Extracted data entries:
=-=-=-=-=

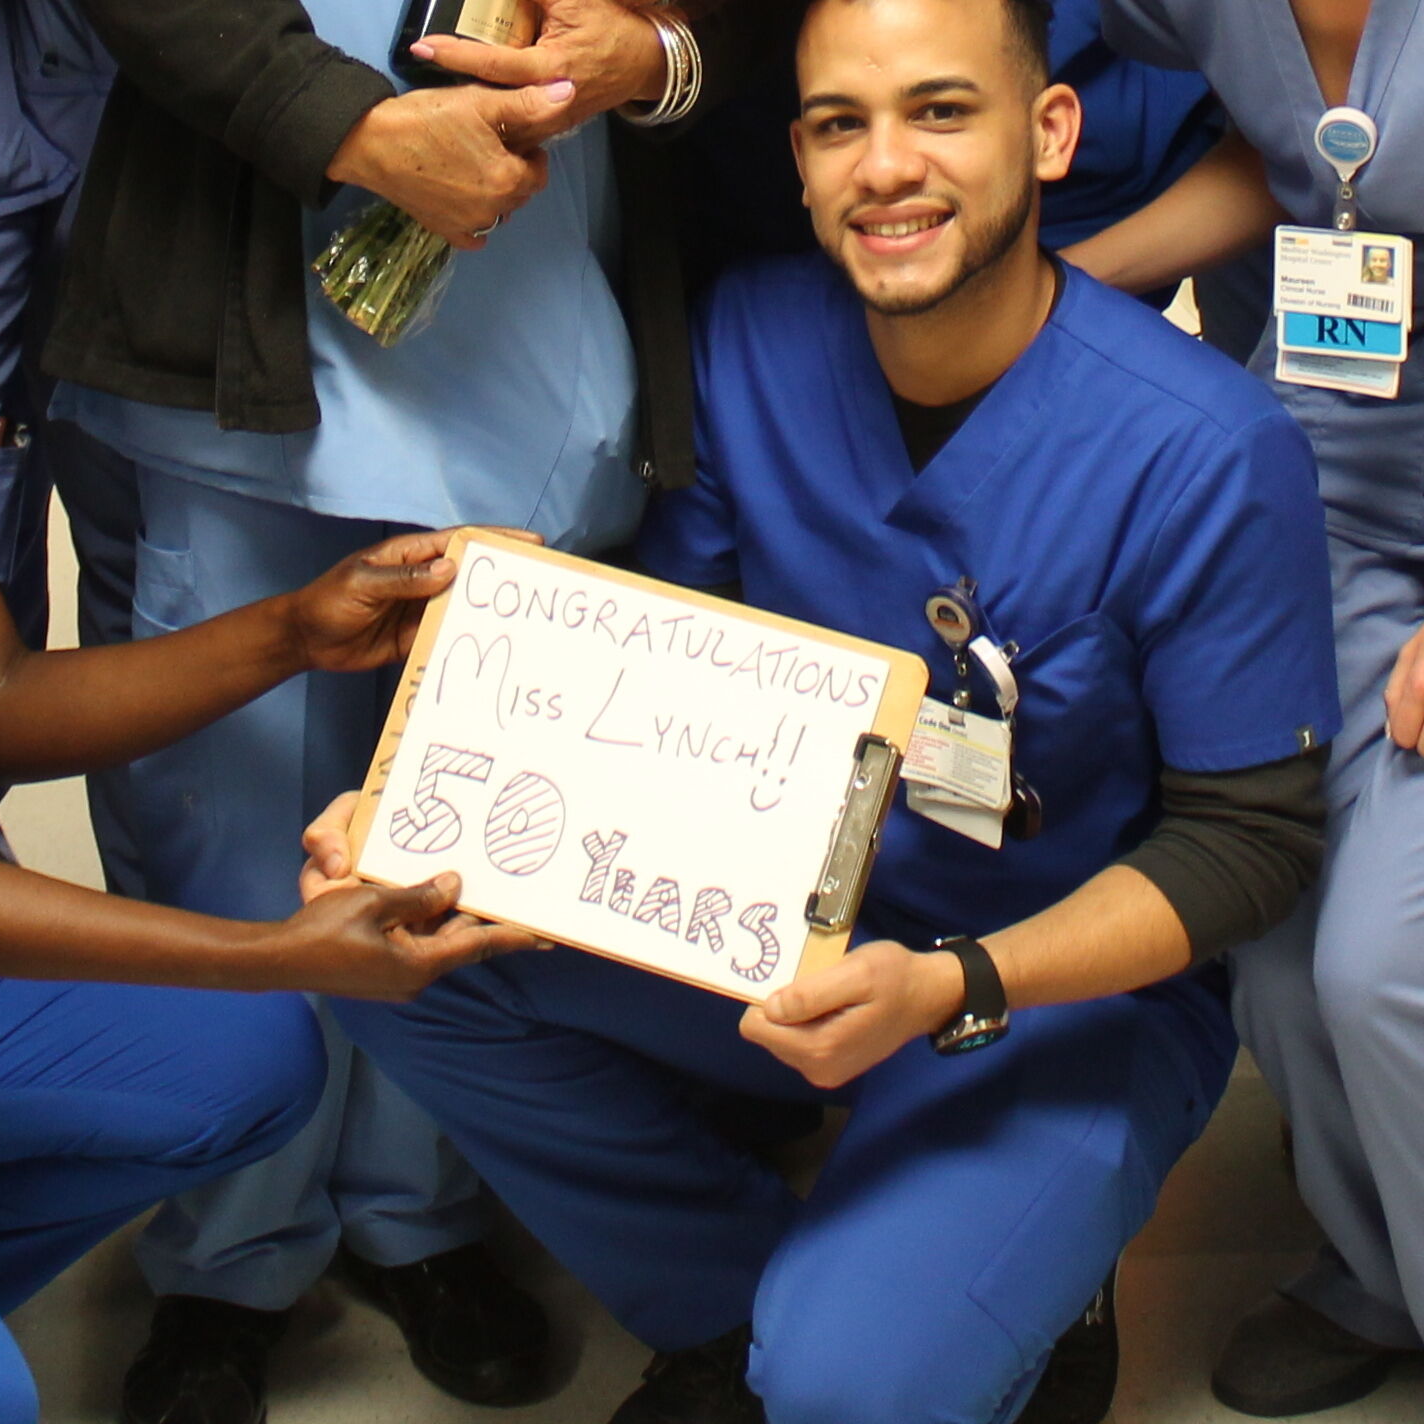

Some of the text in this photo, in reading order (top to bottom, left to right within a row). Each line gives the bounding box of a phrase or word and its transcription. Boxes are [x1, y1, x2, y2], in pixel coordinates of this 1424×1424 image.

[1317, 318, 1366, 346] RN
[466, 556, 877, 708] CONGRATULATIONS
[389, 743, 566, 876] 50
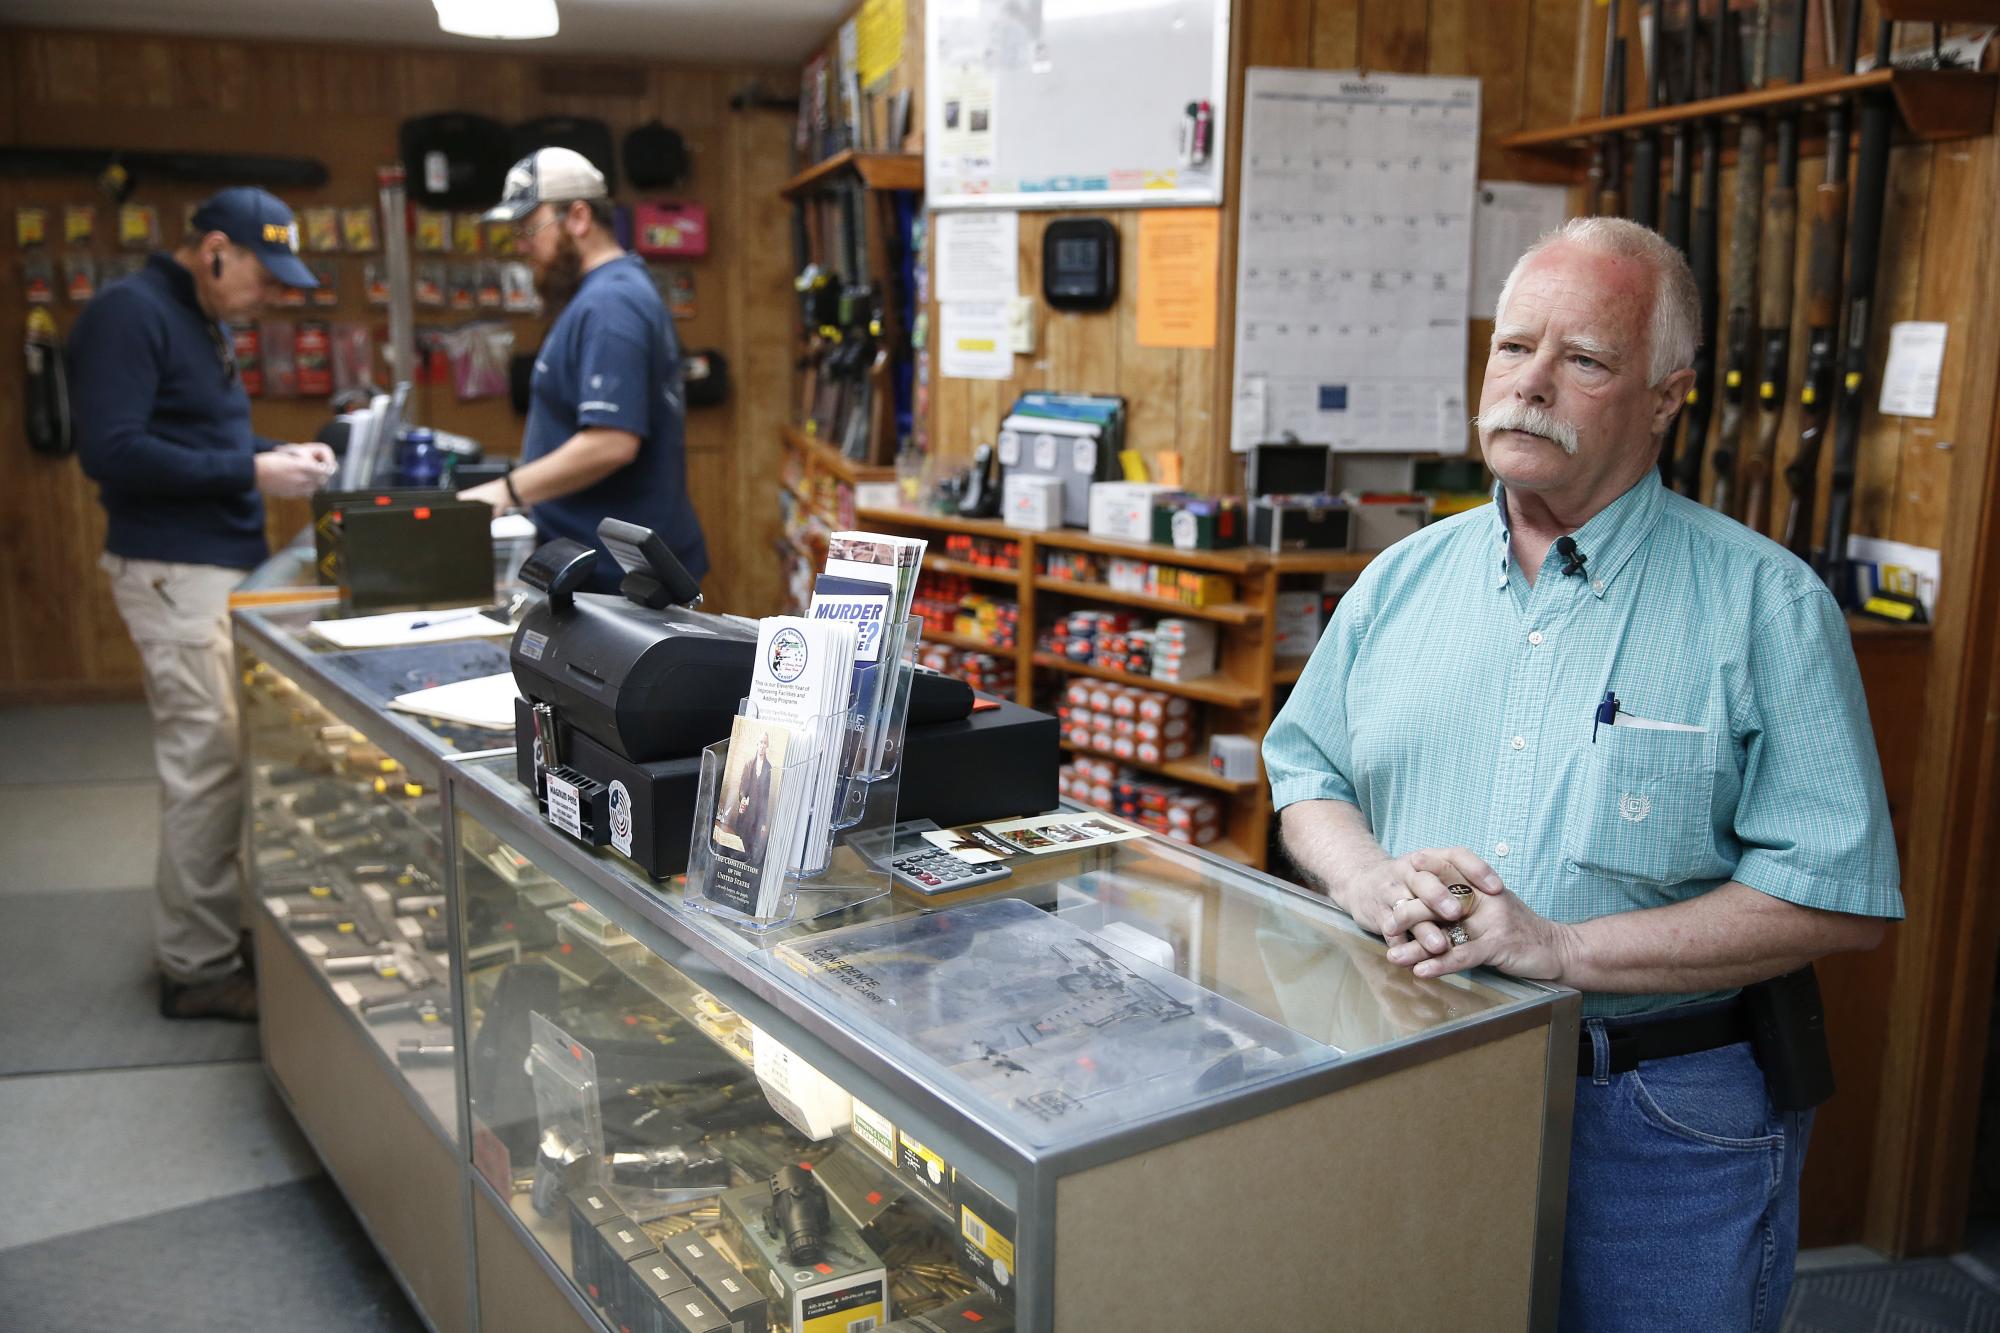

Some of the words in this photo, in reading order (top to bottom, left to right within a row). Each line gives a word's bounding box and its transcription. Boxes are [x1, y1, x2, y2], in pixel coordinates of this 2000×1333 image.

[814, 603, 883, 620] MURDER
[724, 858, 760, 875] CONSTITUTION
[717, 871, 734, 883] UNITED
[733, 877, 750, 889] STATES
[836, 973, 858, 986] YOU

=-=-=-=-=

WHAT THE TASK ASKS: Keep the pictures out and transcribe the entries exactly.

RESULT BELOW:
Some of the text in this photo, in reading order (top to bottom, left to right within a row). Each line gives the bounding box of a phrase or word and its transcription. Boxes are [x1, y1, x2, y2], in pixel coordinates of this 1424×1424 image.

[1317, 318, 1366, 346] RN
[466, 556, 877, 708] CONGRATULATIONS
[389, 743, 566, 876] 50

Some of the words in this photo, in reading order (top to bottom, left to right within a row). Each line gives a word's bounding box and its transcription. Boxes are [x1, y1, x2, y2], in pixel coordinates of this 2000×1333 image.

[814, 603, 883, 620] MURDER
[724, 858, 760, 875] CONSTITUTION
[717, 871, 734, 883] UNITED
[733, 877, 750, 889] STATES
[836, 973, 858, 986] YOU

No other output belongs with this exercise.